No-fines concrete, made from a uniformly graded coarse aggregate and a cement-
water paste, is beneficial in areas prone to excessive rainfall because of its
excellent drainage properties. The article "Pavement Thickness Design for No-
Fines Concrete Parking Lots," J. of Trans. Engr., 1995: 476-484) employed a
least squares analysis in studying how \(y=\) porosity (\%) is related to \(x=\)
unit weight (pcf) in concrete specimens. Consider the following representative
data:
$$
\begin{array}{l|rrrrrrrr}
x & 99.0 & 101.1 & 102.7 & 103.0 & 105.4 & 107.0 & 108.7 & 110.8 \\
\hline y & 28.8 & 27.9 & 27.0 & 25.2 & 22.8 & 21.5 & 20.9 & 19.6 \\
x & 112.1 & 112.4 & 113.6 & 113.8 & 115.1 & 115.4 & 120.0 \\
\hline y & 17.1 & 18.9 & 16.0 & 16.7 & 13.0 & 13.6 & 10.8 \\
\text { Relevant } & \text { summary } & \text { quantities } & \text { are }
& \Sigma x_{i}=1640.1, \\
\Sigma y_{i}=299.8, \quad \Sigma x_{i}^{2}=179,849.73, & \Sigma x_{i}
y_{i}=32,308.59, \\
\Sigma y_{i}^{2}=6430.06 .
\end{array}
$$
a. Obtain the equation of the estimated regression line. Then create a
scatterplot of the data and graph the estimated line. Does it appear that the
model relationship will explain a great deal of the observed variation in \(y\)
?
b. Interpret the slope of the least squares line.

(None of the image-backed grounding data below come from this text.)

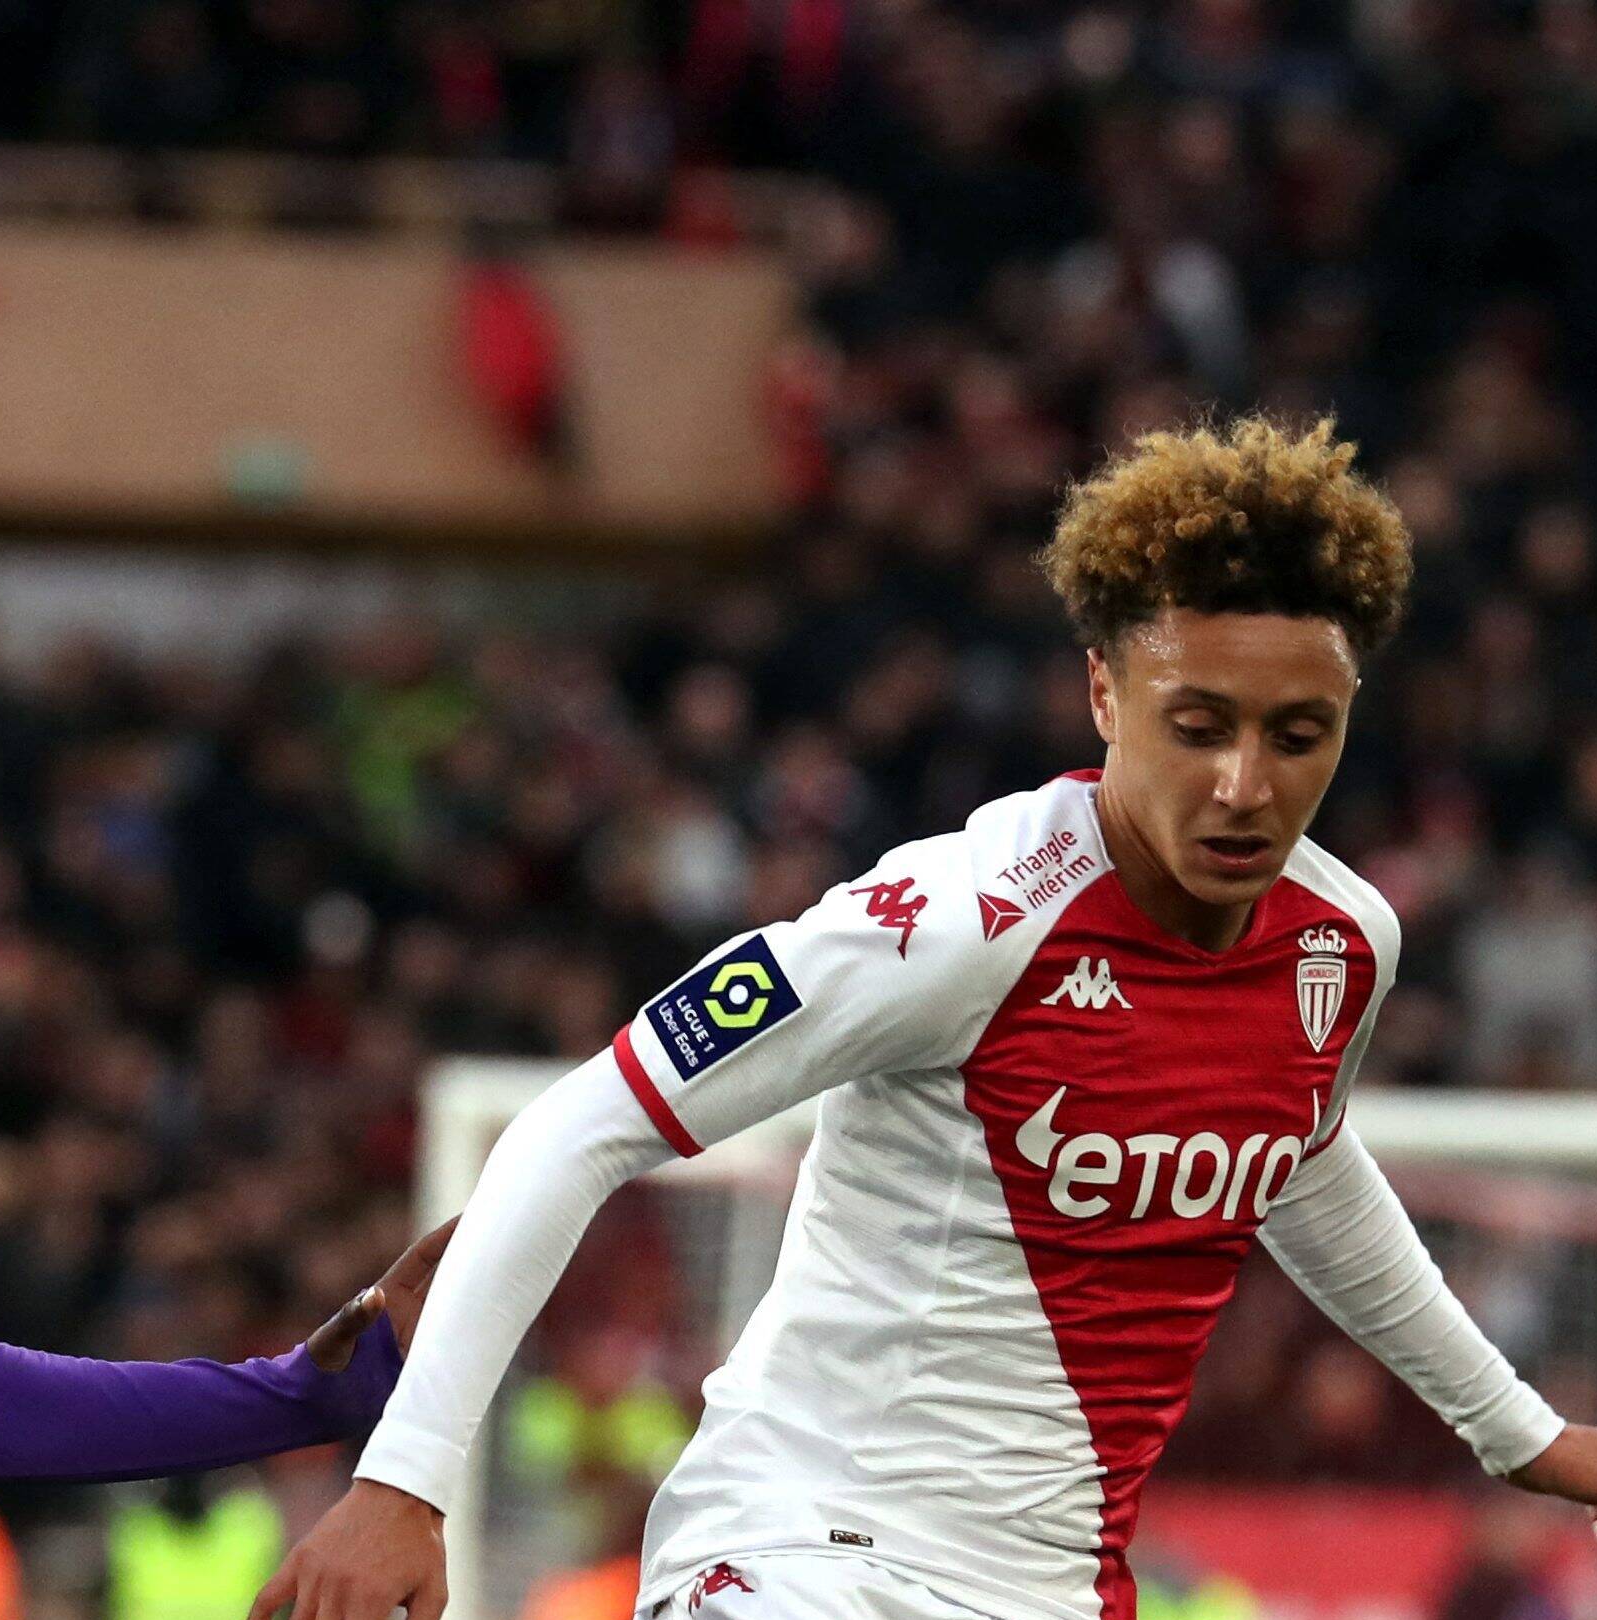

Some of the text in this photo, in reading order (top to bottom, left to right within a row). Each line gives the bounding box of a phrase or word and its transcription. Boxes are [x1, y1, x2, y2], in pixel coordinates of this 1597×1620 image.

[995, 830, 1078, 885] Triangle
[1023, 854, 1096, 910] intérim
[658, 1001, 700, 1068] Uber Eats
[676, 994, 716, 1053] LIGUE 1
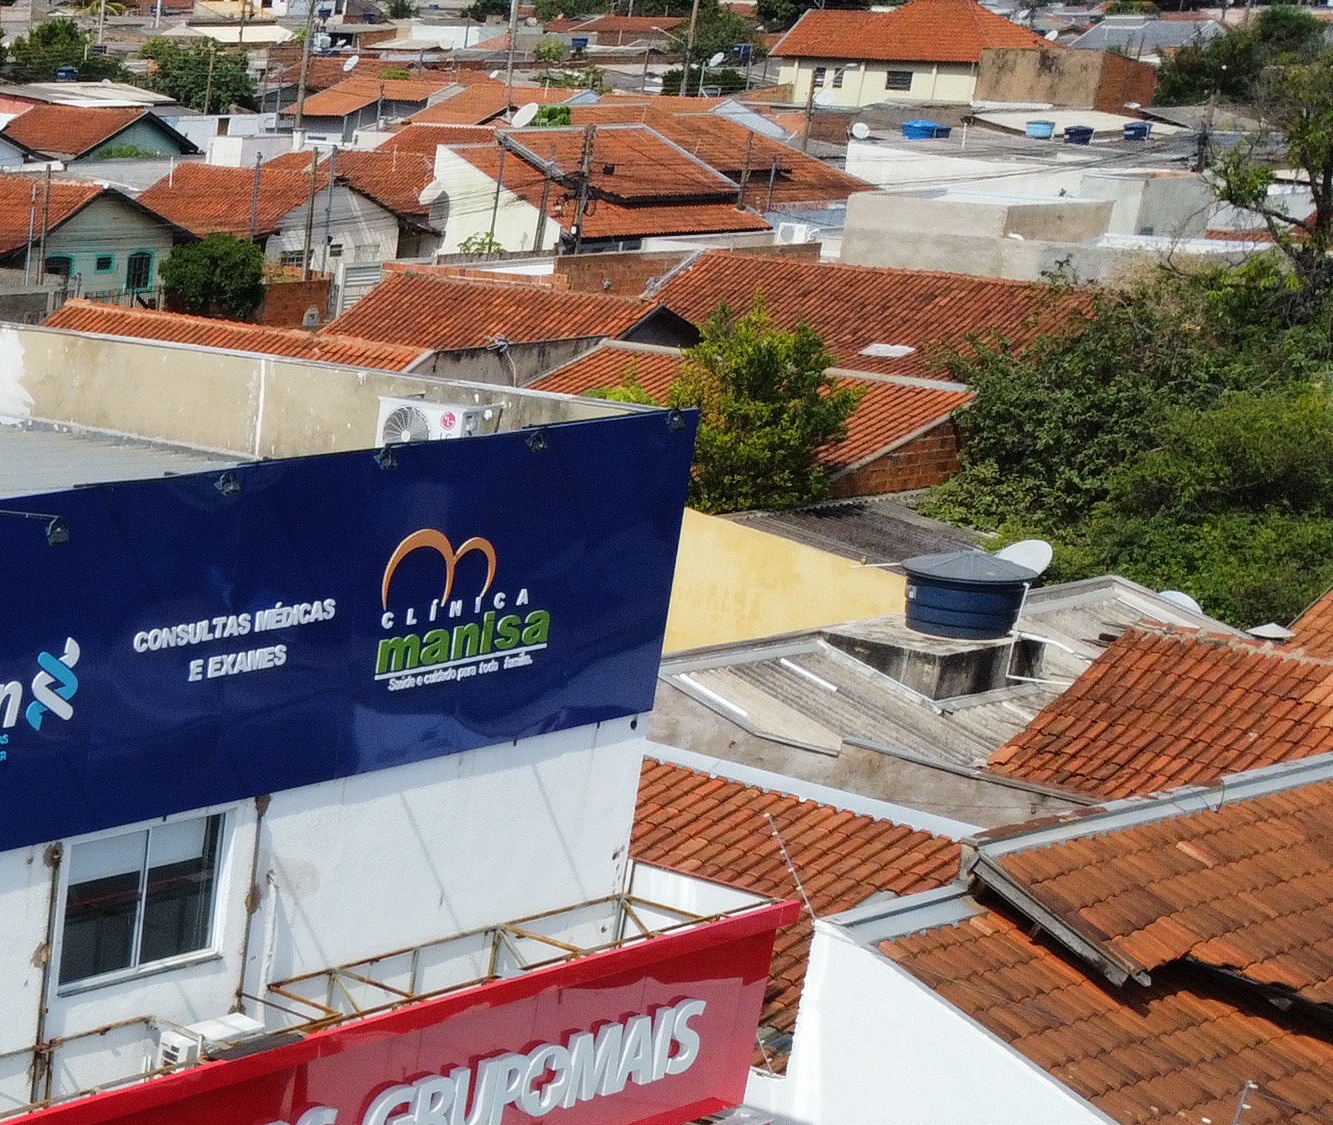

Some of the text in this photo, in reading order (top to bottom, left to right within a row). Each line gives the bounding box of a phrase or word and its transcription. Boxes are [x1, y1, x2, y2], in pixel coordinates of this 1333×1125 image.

[133, 597, 336, 653] CONSULTAS MÉDICAS
[381, 588, 529, 630] CLÍNICA
[188, 644, 287, 682] E EXAMES
[374, 609, 551, 674] manisa

c. What happens if the estimated line is used to predict porosity when unit
weight is 135 ? Why is this not a good idea?
d. Calculate the residuals corresponding to the first two observations.
e. Calculate and interpret a point estimate of \(\sigma\).
f. What proportion of observed variation in porosity can be attributed to the
approximate linear relationship between unit weight and porosity?